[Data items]
☆ ☆ ☆ ☆

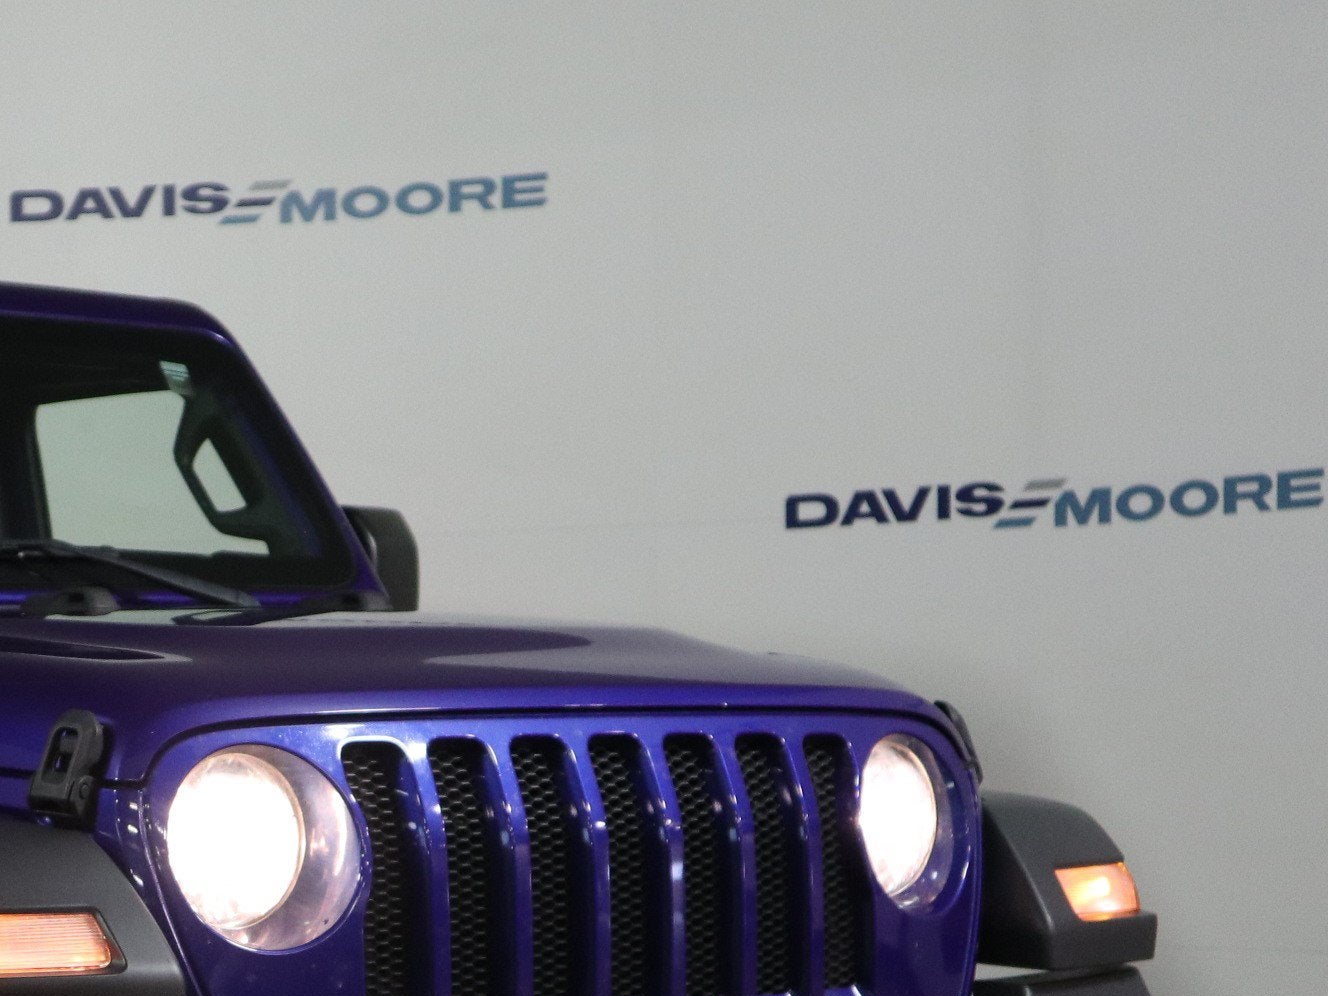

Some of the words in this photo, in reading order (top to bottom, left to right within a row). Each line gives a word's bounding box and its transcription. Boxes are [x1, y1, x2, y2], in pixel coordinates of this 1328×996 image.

[9, 182, 232, 223] DAVIS
[279, 171, 549, 225] MOORE
[784, 482, 1006, 530] DAVIS
[1053, 467, 1324, 528] MOORE

☆ ☆ ☆ ☆

Exercise directions: In the answer, the entries must appear exactly as above, without the images.

Solution to this problem:
Some of the words in this photo, in reading order (top to bottom, left to right within a row). Each line gives a word's bounding box and its transcription. Boxes are [x1, y1, x2, y2], in pixel coordinates of this 1328×996 image.

[9, 182, 232, 223] DAVIS
[279, 171, 549, 225] MOORE
[784, 482, 1006, 530] DAVIS
[1053, 467, 1324, 528] MOORE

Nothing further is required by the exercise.